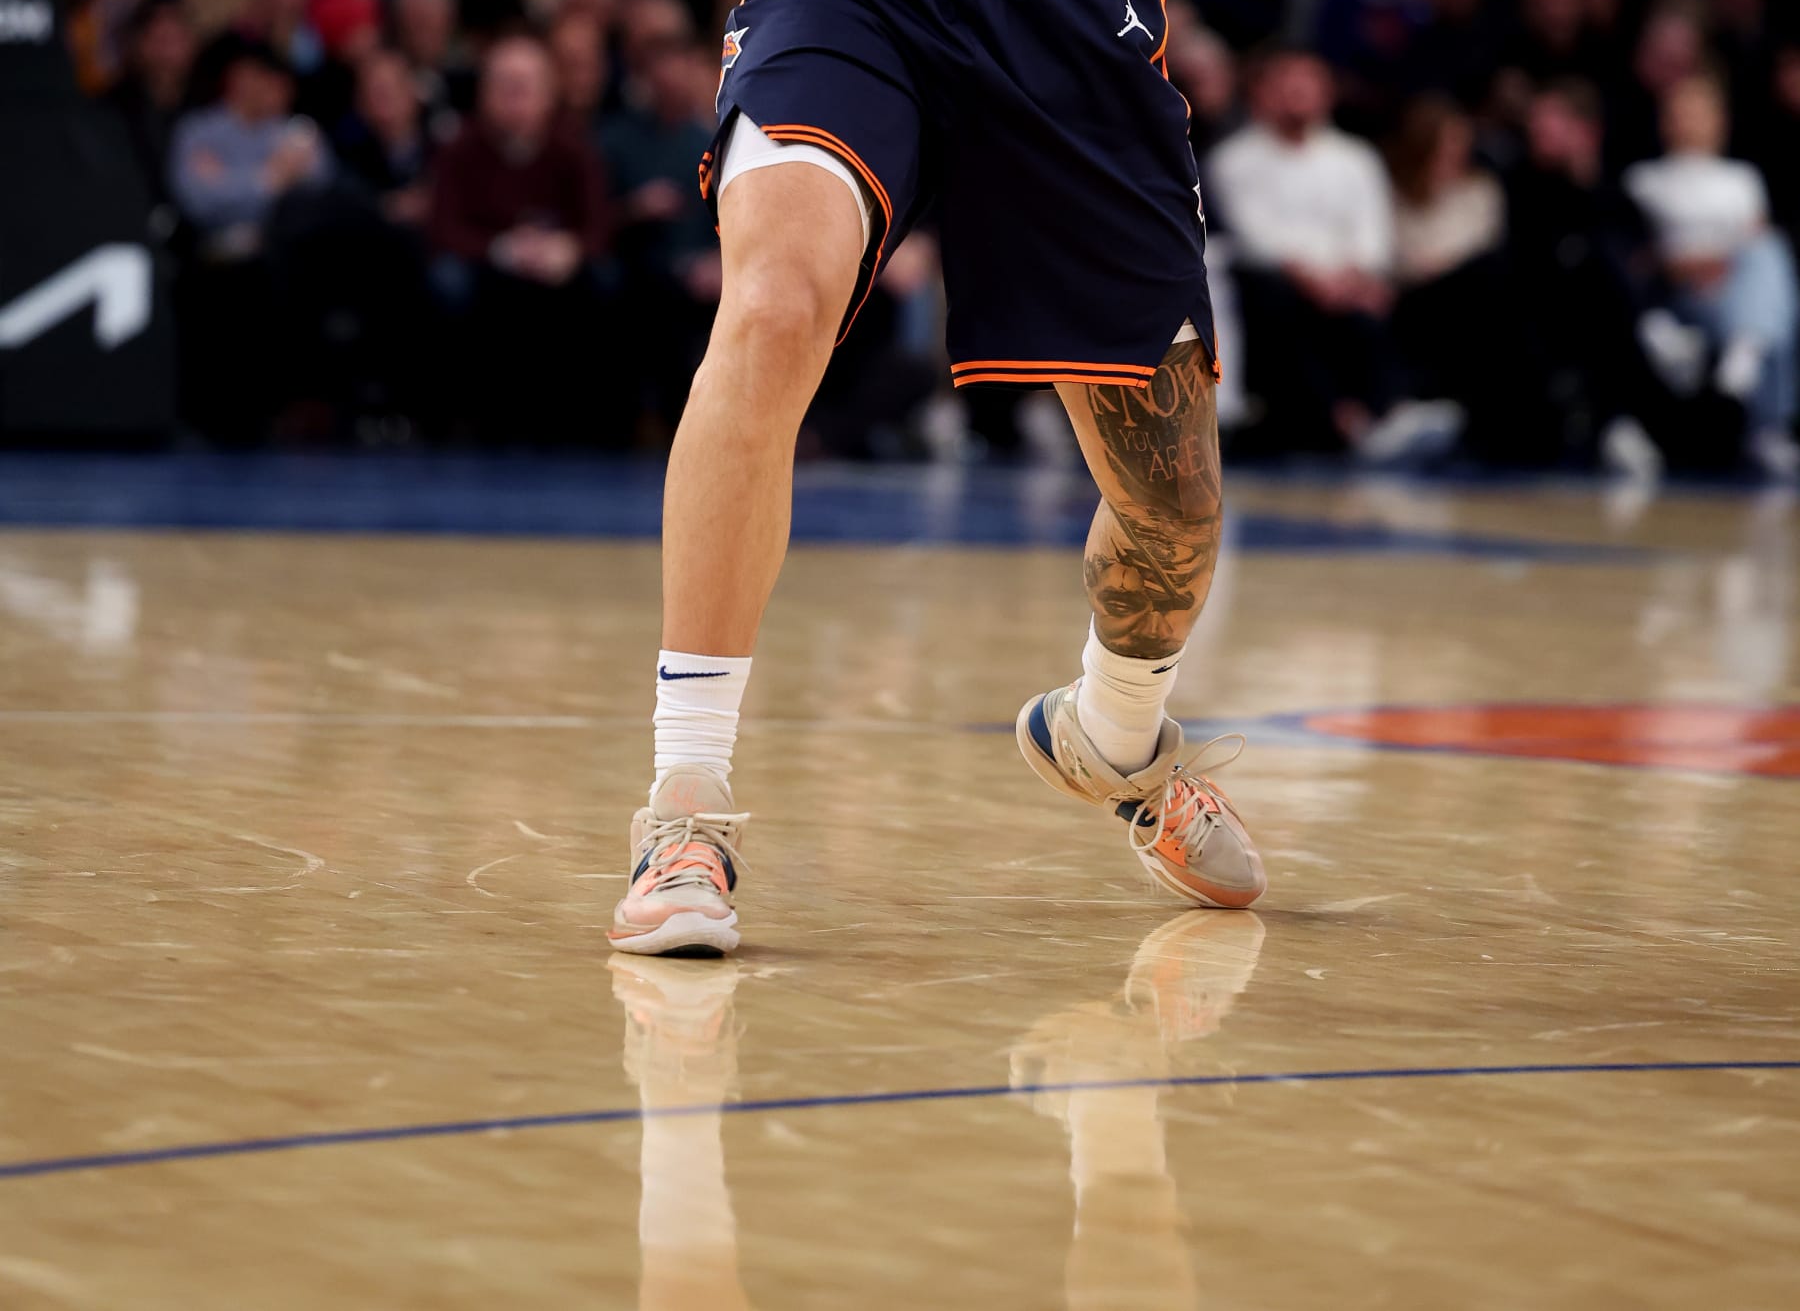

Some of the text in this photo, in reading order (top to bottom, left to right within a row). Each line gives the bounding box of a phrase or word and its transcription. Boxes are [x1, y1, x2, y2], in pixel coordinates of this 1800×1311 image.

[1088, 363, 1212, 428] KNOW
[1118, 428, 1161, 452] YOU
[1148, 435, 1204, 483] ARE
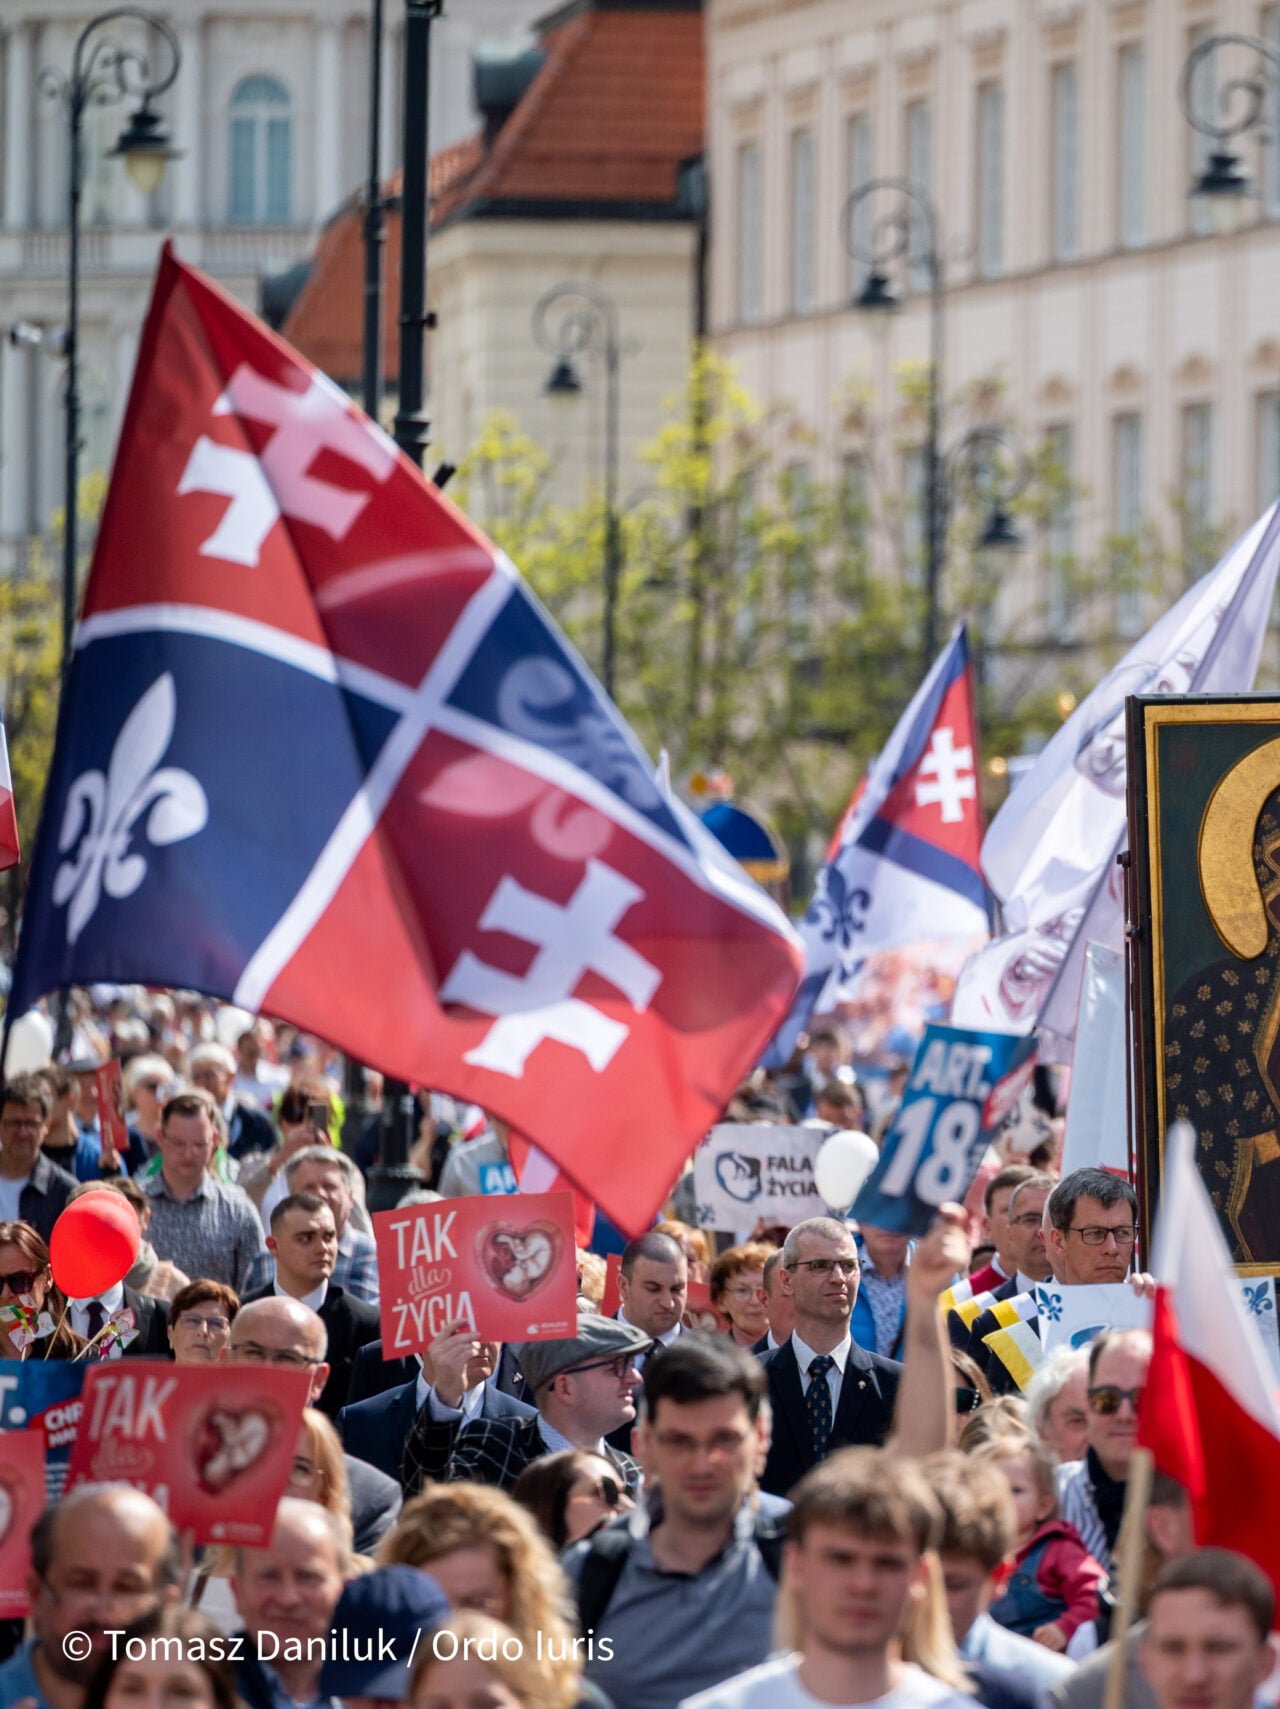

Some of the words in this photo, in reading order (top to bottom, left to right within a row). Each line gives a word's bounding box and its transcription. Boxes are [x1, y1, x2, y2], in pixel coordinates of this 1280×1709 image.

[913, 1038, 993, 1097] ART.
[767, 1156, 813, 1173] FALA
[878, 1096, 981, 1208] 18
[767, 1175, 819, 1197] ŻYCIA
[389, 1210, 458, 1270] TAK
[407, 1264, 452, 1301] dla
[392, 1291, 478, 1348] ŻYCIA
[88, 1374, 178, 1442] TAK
#####
Task to complete: Print the lines from the one containing "Some of the words" through the end of the material, word for word, and nothing else.

Written solution:
Some of the words in this photo, in reading order (top to bottom, left to right within a row). Each line gives a word's bounding box and its transcription. Boxes are [x1, y1, x2, y2], in pixel coordinates of this 1280×1709 image.

[913, 1038, 993, 1097] ART.
[767, 1156, 813, 1173] FALA
[878, 1096, 981, 1208] 18
[767, 1175, 819, 1197] ŻYCIA
[389, 1210, 458, 1270] TAK
[407, 1264, 452, 1301] dla
[392, 1291, 478, 1348] ŻYCIA
[88, 1374, 178, 1442] TAK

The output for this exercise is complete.